Déchaînement de la violence - Résolution de la crise
La réconciliation ne peut se faire, bien entendu, par le renoncement à l'objet
du conflit par un des doubles, puisque Dick a eu l'intuition fondamentale qu'il n'en existait pas. Rappelons que, selon
l'hypothèse girardienne, il n'y a pas de désir de l'objet mais désir de l'Autre désirant l'objet, et que la rivalité
mimétique efface rapidement tout référence à un objet pour ne laisser face à face que des désirs mimétiquement
antagoniques.
On peut penser que, écrivant en 1953 pour des
pulps, Dick s'adressait à un public connaissant les
causes de la rivalité antagonique entre Américains et Soviétiques et qu'il pouvait omettre ici d'en répéter
les origines (l'objet).

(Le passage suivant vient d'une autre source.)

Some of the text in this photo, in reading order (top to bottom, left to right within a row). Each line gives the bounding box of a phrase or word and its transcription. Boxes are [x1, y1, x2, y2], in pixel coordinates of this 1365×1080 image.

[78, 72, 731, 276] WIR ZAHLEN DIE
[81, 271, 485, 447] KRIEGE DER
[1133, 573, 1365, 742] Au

Cette hypothèse viendrait contredire la définition de la guerre donnée
par l'auteur quelque mois plus tôt.
Elle obligerait surtout à trouver un contenu objectif à cette
rivalité alors que nous savons que celle-ci n'était que de
prestige (
"C'est la rivalité qui engendre cette
notion de prestige : elle n'a pas de réalité tangible et pourtant, le fait de rivaliser pour elle la fait
paraître pour plus réelle que tout objet réel" in René Girard -
Des choses cachées depuis la fondation du
monde - 1978).
Quoiqu'il en soit, la situation décrite dans
Second Variety ne possède, on l'a compris, aucune
issue autre que la destruction totale de l'humanité. Ce qui est passionnant ici, c'est que
Philip K. Dick, en poussant aussi loin la logique de la crise mimétique, montre que les antagonismes
violents des doubles humains sont bien seuls au monde, une fois épuisées toutes les victimes sacrificielles qui
auraient encore pu, par leur sacralisation, extérioriser encore une fois la violence humaine.

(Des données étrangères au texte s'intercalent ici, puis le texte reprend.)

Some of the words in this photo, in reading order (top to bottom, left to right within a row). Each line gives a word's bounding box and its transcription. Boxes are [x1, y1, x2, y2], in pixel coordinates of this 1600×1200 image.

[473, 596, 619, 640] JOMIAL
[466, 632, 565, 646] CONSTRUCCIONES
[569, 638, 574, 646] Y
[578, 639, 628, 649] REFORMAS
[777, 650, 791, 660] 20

Dick nous dit, à la fin de
The Defenders que seul le renoncement à la haine peut mettre
fin à la violence interminable entre les hommes. Trois mois après, il nous décrit les effets de
cette dernière lorsque l'homme
n'a pas suivi ce conseil. Je crois qu'il y a une profonde logique
d'articulation entre les deux nouvelles, outre la proximité de leur écriture et les points que nous
avons déjà relevés. Les protagonistes sont identiques, la vie sur Terre est devenue impossible, les
origines du conflit sont purement mimétiques. L'épuisement de la haine sauve les deux communautés de
The Defenders ; l'épuisement des diffèrements violents condamne l'espèce humaine dans
Second Variety.
La seule différence est que, dans
The Defenders, il existe un tiers médiateur, qui est la communauté des robots
chargée par les hommes des deux bords de se battre à leur place.

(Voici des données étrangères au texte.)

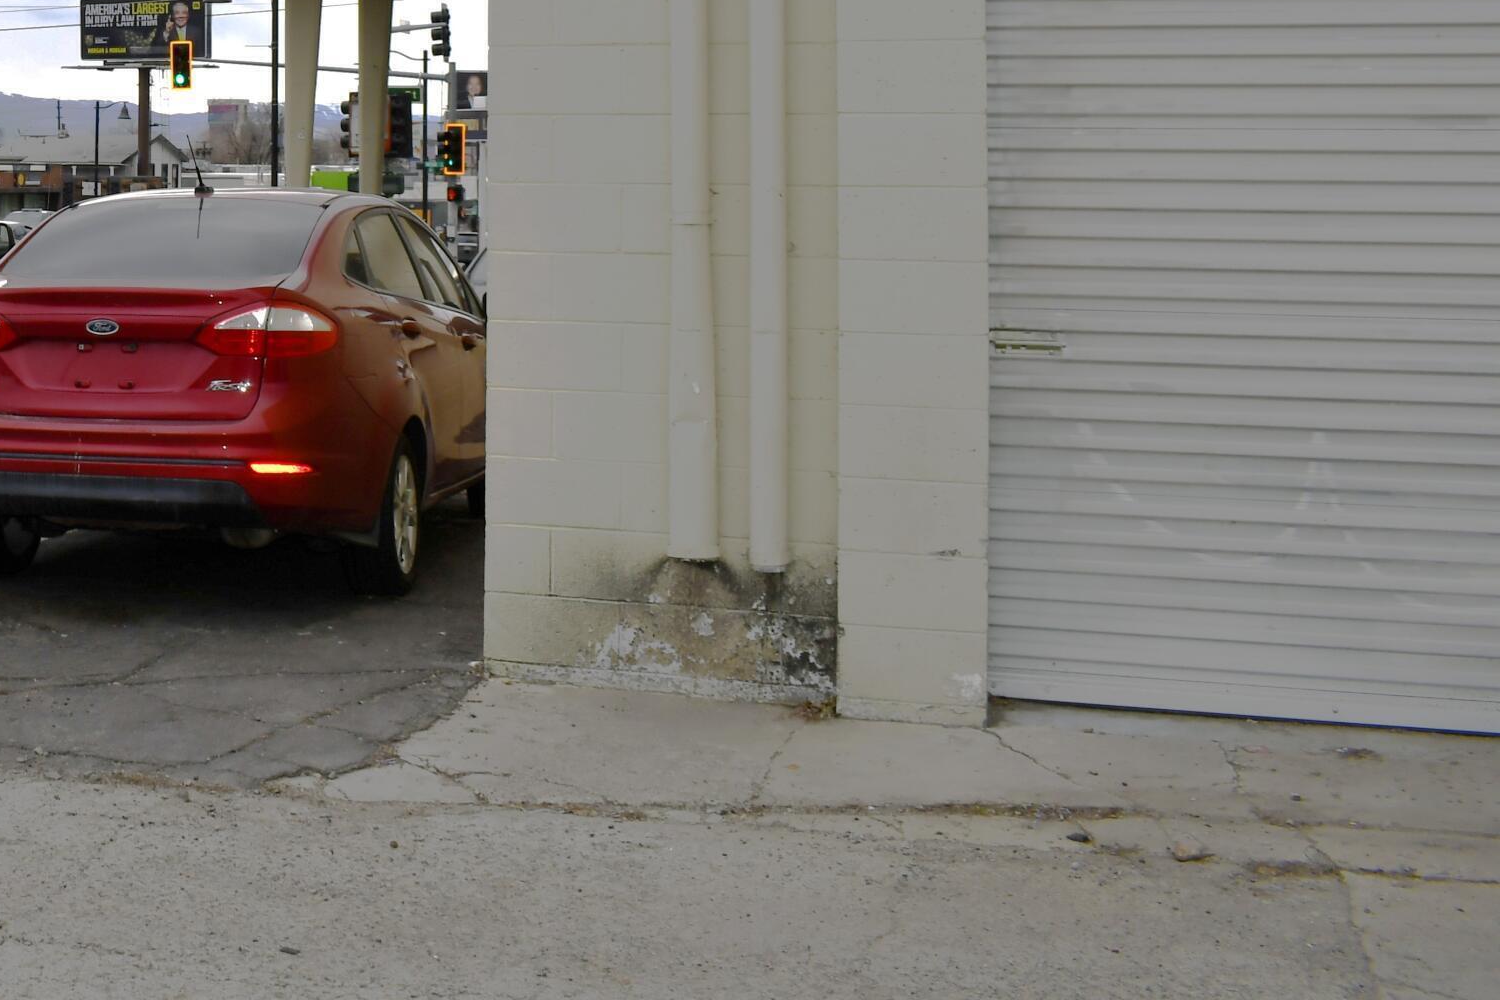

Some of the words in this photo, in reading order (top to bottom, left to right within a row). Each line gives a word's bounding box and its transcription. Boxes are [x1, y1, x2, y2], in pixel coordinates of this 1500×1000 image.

La nouvelle dit très clairement que la première chose faite par ces robots n'a pas été de
combattre mais de se demander
pourquoi se battre. Mais le lecteur doit conclure qu'il y a eu
une étape préalable à cette réflexion : celle de la réconcilication des robots (après tout il y en a des américains et des soviétiques), qui
ont nié les pseudo-différences de leur origine pour ne former qu'une seule communauté. C'est-à-dire qu'ils ont commencé leur Histoire par où ils
demandent aux humains de terminer la leur [celle de leurs conflits interminables].
On peut à nouveau objecter qu'il y a là matière à miracle, car comment expliquer ce brusque détournement de leurs
objectifs [détruire les robots adverses] pour lesquels étaient programmés les soldomates ?
Je pense que la disparition de l'homme à la surface de la Terre supprime tout modèle violent à imiter.
Ce n'est pas la cas dans
Second Variety, où hommes et androïdes cohabitent dans une violence et une haine
de l'autre qui toujours tend à l'effacement des différences (ce qui explique aussi que les androïdes se retournent
contre tout être vivant, y compris les modèles précédents). Ne verrais-je pas du mimétisme partout, aux fins de servir ma thèse,
alors que Philip K. Dick n'en soufflerait mot ?.. Pourtant :
"Si ce groupe minuscule d'anciens ennemis était de bon exemple, il ne faudrait pas longtemps avant que
lui, Mary et le reste de l'humanité vivent à la surface comme des êtres humains raisonnables et non
comme des taupes aveugles et haineuses." (Les Défenseurs, 10-18, page 95)
C'est-à-dire que la contagion mimétique de l'Amour entre les hommes se fera à la même vitesse que
s'était faite la contagion mimétique de la haine. Il suffira de présenter aux
"taupes aveugles et haineuses" le modèle
d'une communauté d'anciens ennemis enfin réconciliés pour convertir le reste de l'humanité.